Joe Davis. I'll just post the Cracked entry about him.

Joe Davis is a respected scientist as well as an eccentric artist. And summing him up with those meager words is like cautioning somebody not to trip over the Grand Canyon: You are doing a great injustice to the danger they pose.

The man is a roadmap of insanity and badassery, and he does it all in the name of "art," because "mad science" looks iffy on grant proposals. Every single one of the following examples is a very real project that Joe Davis is responsible for:

1. He has a map of the Milky Way broken down into a series of base DNA pairs, and is coding it into transgenic lab-mice.
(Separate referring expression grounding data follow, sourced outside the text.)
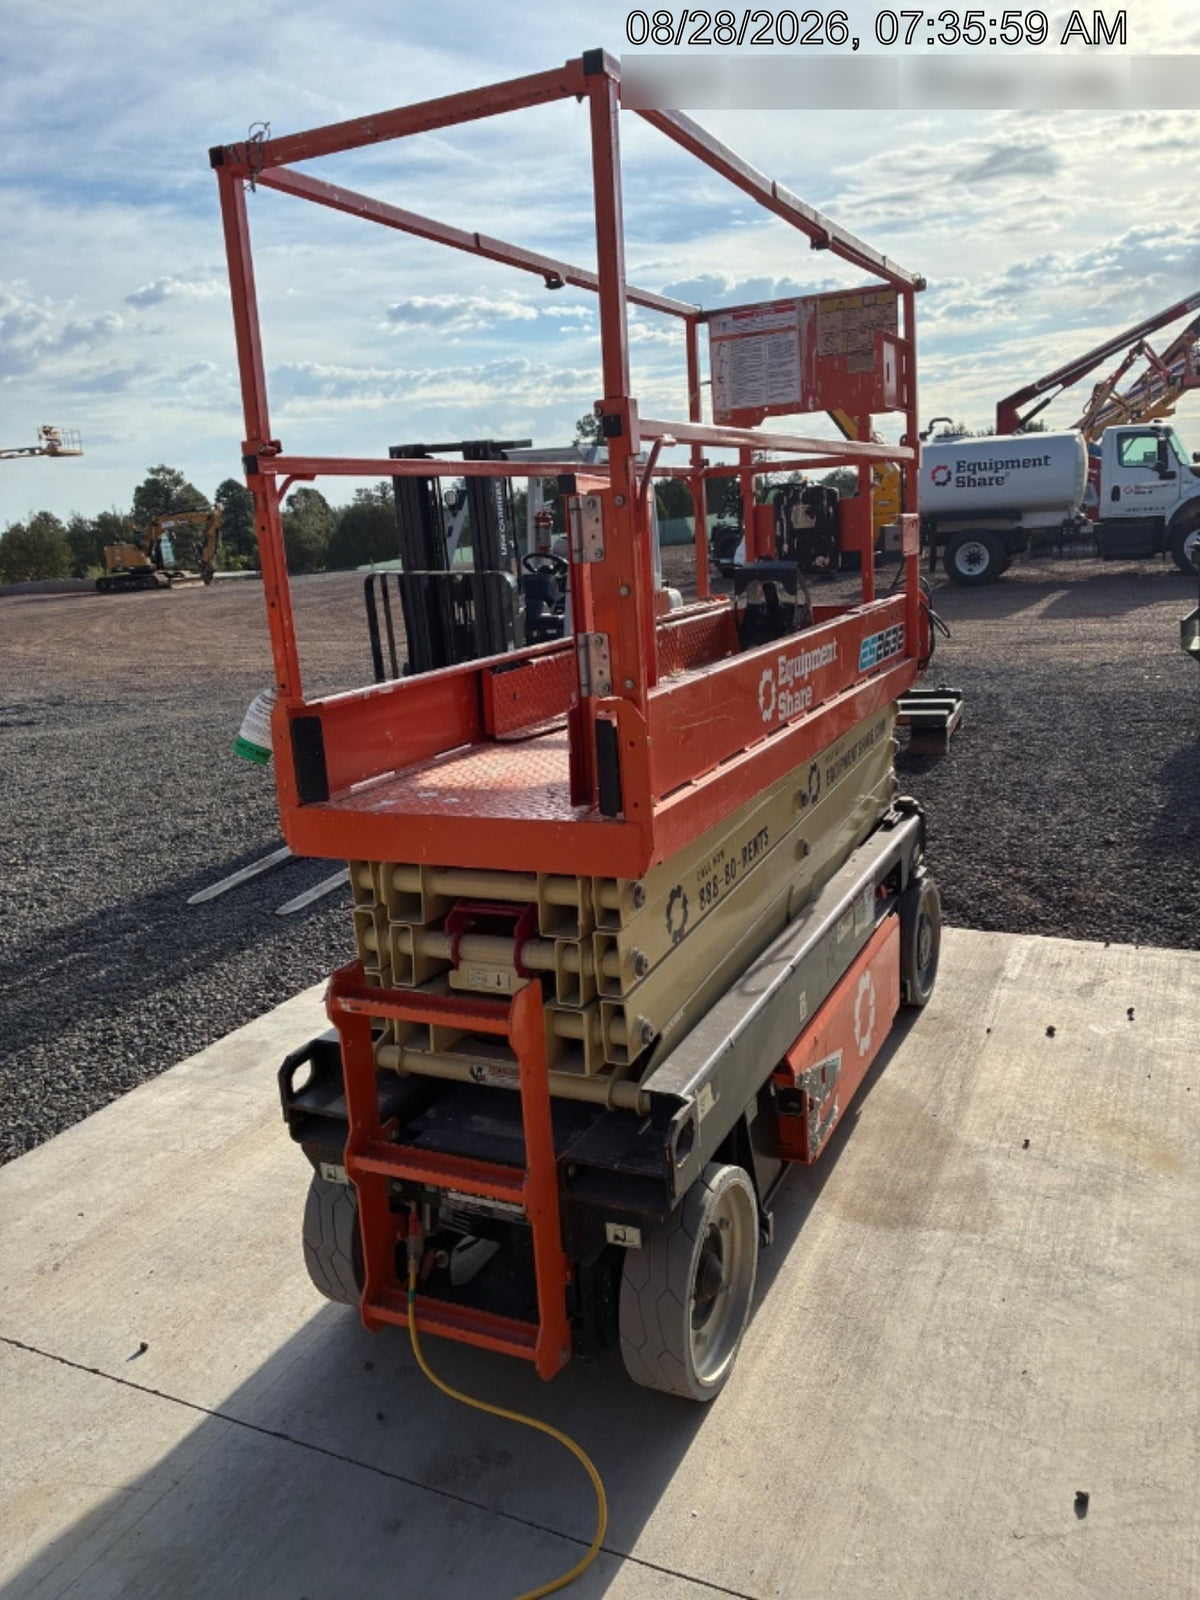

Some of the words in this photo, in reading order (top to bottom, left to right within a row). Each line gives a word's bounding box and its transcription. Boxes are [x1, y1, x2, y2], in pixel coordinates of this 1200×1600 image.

[956, 454, 1051, 475] Equipment
[777, 636, 838, 688] Equipment
[777, 685, 813, 721] Share
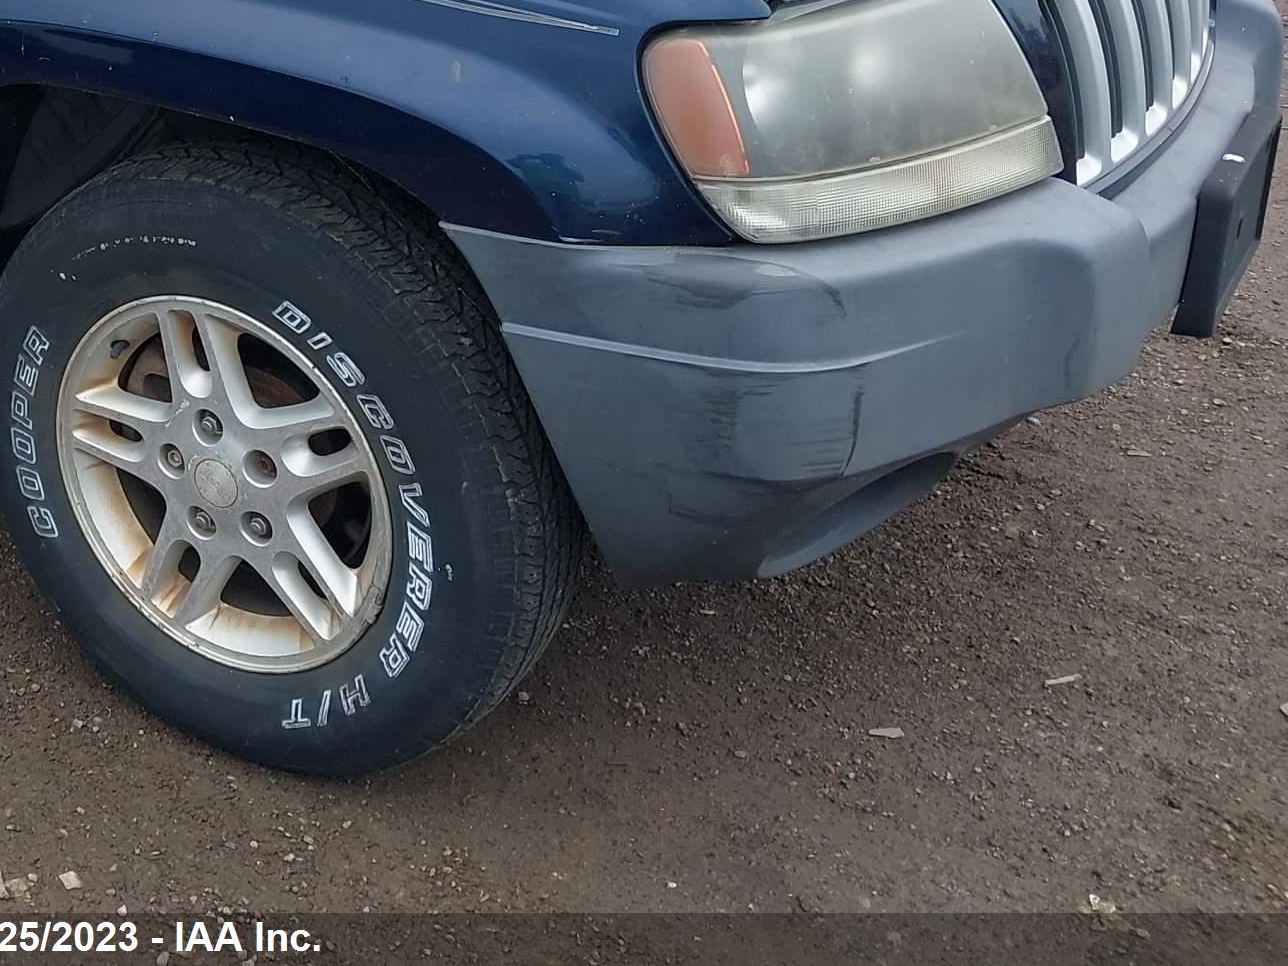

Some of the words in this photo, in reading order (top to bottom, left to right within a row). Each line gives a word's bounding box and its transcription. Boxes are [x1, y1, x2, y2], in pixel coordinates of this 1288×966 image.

[11, 324, 59, 538] COOPER
[271, 299, 434, 679] DISCOVERER
[281, 673, 372, 730] H/T
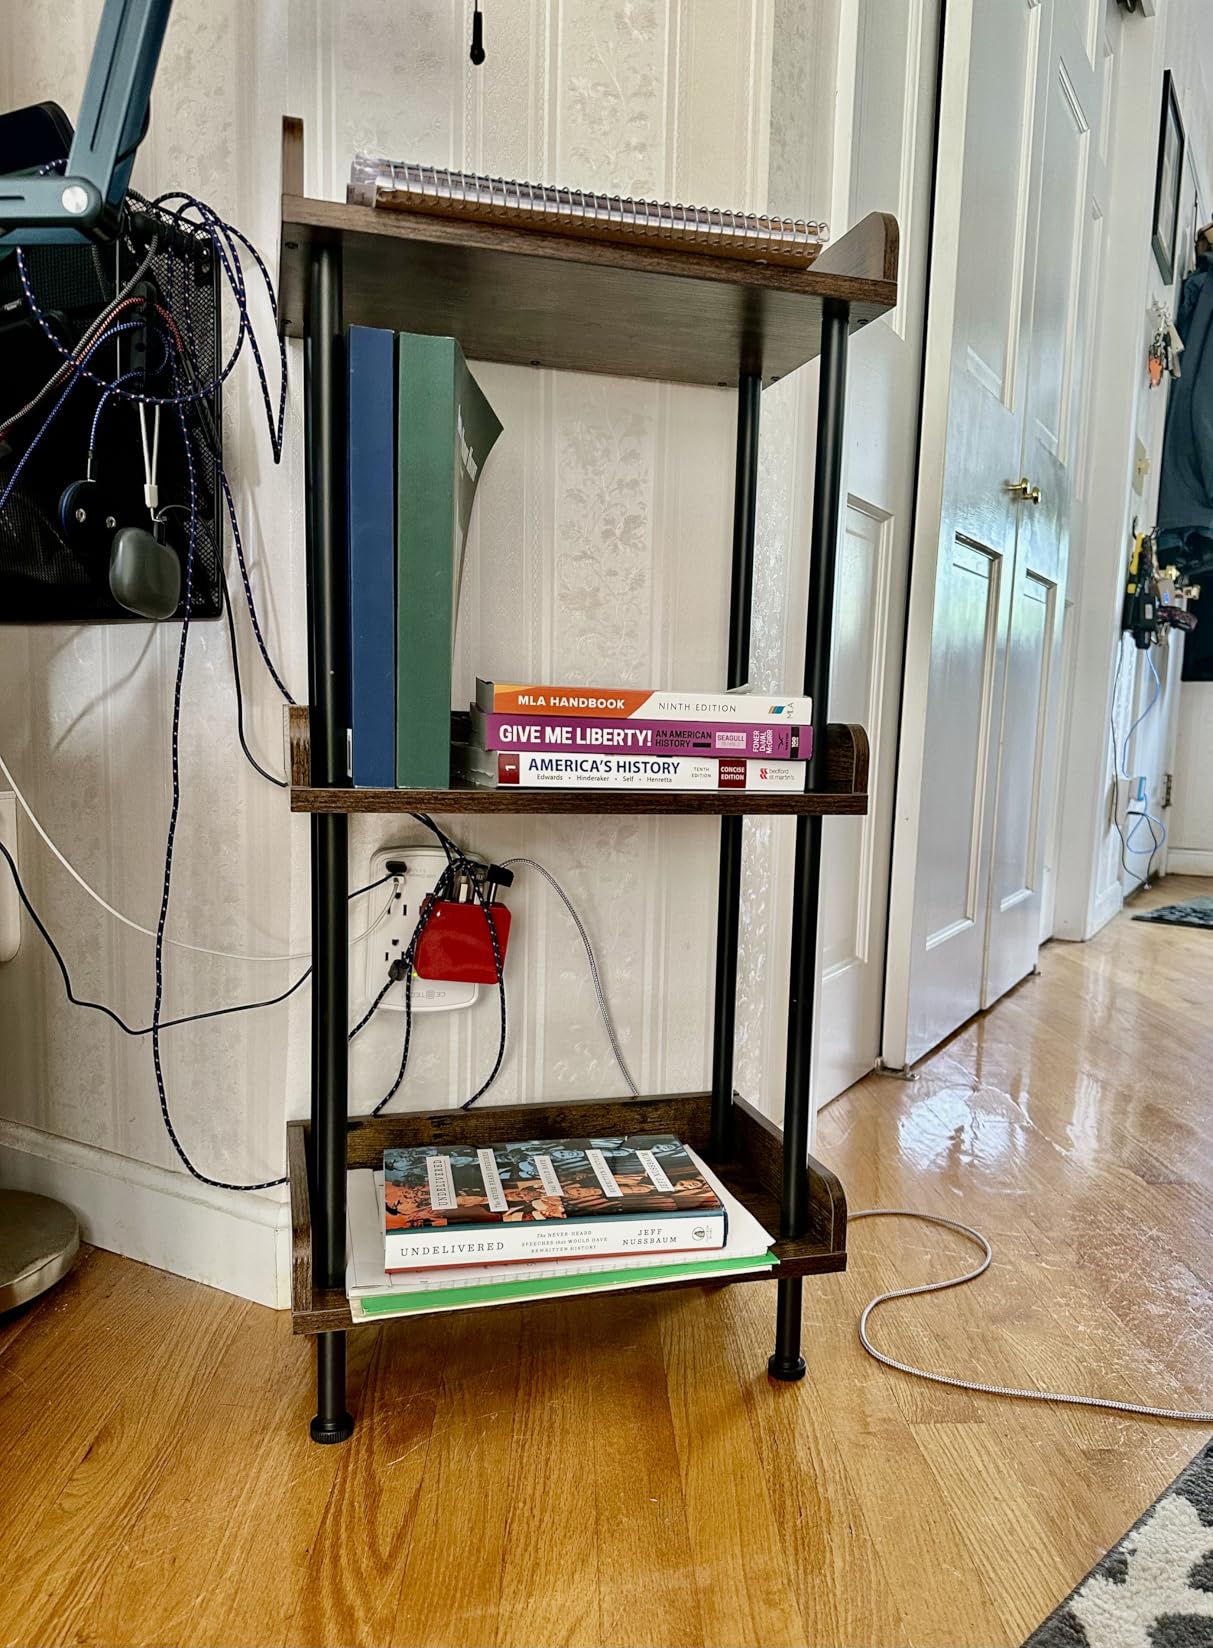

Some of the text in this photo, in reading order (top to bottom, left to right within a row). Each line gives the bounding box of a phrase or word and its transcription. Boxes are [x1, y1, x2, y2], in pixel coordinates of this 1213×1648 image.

[518, 695, 625, 710] MLA HANDBOOK
[658, 702, 737, 713] NINTH EDITION
[786, 702, 794, 719] MLA
[499, 724, 652, 747] GIVE ME LIBERTY!
[655, 730, 712, 740] AN AMERICAN
[717, 734, 745, 742] SEAGULL
[655, 739, 691, 748] HISTORY
[752, 730, 760, 753] FONER
[528, 758, 680, 775] AMERICA'S HISTORY
[720, 765, 745, 773] CONCISE
[720, 773, 745, 781] EDITION
[433, 1159, 448, 1206] UNDELIVERED
[637, 1228, 663, 1237] JEFF
[622, 1236, 678, 1246] NUSSBAUM
[400, 1242, 505, 1257] UNDELIVERED
He is shoving our entire galaxy into a mouse's ear.

2. Davis commissioned fishing hooks 25 microns long, attached them to poles and equipped them with proportionate force-feedback controls in order to catch the microscopic life forms he uses in his research. He insists on landing microbes like Marlin... because he considers it "only sporting".

3. In protest of what he viewed as censorship, Davis beamed his own, female-friendly version of the famous Arecibo Message toward a distant star cluster. He stuck microphones inside the vaginas of the entire Boston Ballet, and shot the sound of them contracting into space. Why? Because fuck Carl Sagan, that's why! No, seriously: That is actually the entire reason why.

Did we mention he has a peg leg. Fucking seriously!

He built it himself: It has a test tube stopper for traction and he pulls it off to open beer bottles. If you ask him how he lost the leg, Davis will loudly recite erotic poetry about making out with alligators until you leave. That is not a joke. If we could make shit like that up, we would not be stuck working here, struggling to invent new synonyms for "dong" (so far all we've got today is "Meathose").

One of his latest projects is a memorial for victims of hurricanes. So is it a tasteful monument to the fallen done up in quiet dignity? A touching sculpture abstractly representing bravery and grief? Does that sound like the kind of hippy bullshit the man who fires pussy at aliens would go for? No! He's building a 10-story tall tower in Mississippi that harnesses the excess electrical nitrogen in the air brought on by lightning storms and fires it back into the storm in the form of a giant laser. The laser, of course, has no tangible effects. It doesn't break up the storm, or signal a warning, or even gather information. It just takes a drunken rage-swing at nature every time it rains. Why, you ask?

Well, we don't know for certain, but maybe you can ask Carl Sagan.

Read more: http://www.cracked.com/article_1850...ience-passed-off-as-art_p2.html#ixzz2GmYyrgJv
 
I'm crazy enough to nominate myself.
 
Kubrick was quite eccentric I believe.
 
Eric Gill. Sculptor. He fucked his sister, he fucked his kids, he fucked his dog. Was very Catholic.
 
3. In protest of what he viewed as censorship, Davis beamed his own, female-friendly version of the famous Arecibo Message toward a distant star cluster. He stuck microphones inside the vaginas of the entire Boston Ballet, and shot the sound of them contracting into space. Why? Because fuck Carl Sagan, that's why! No, seriously: That is actually the entire reason why.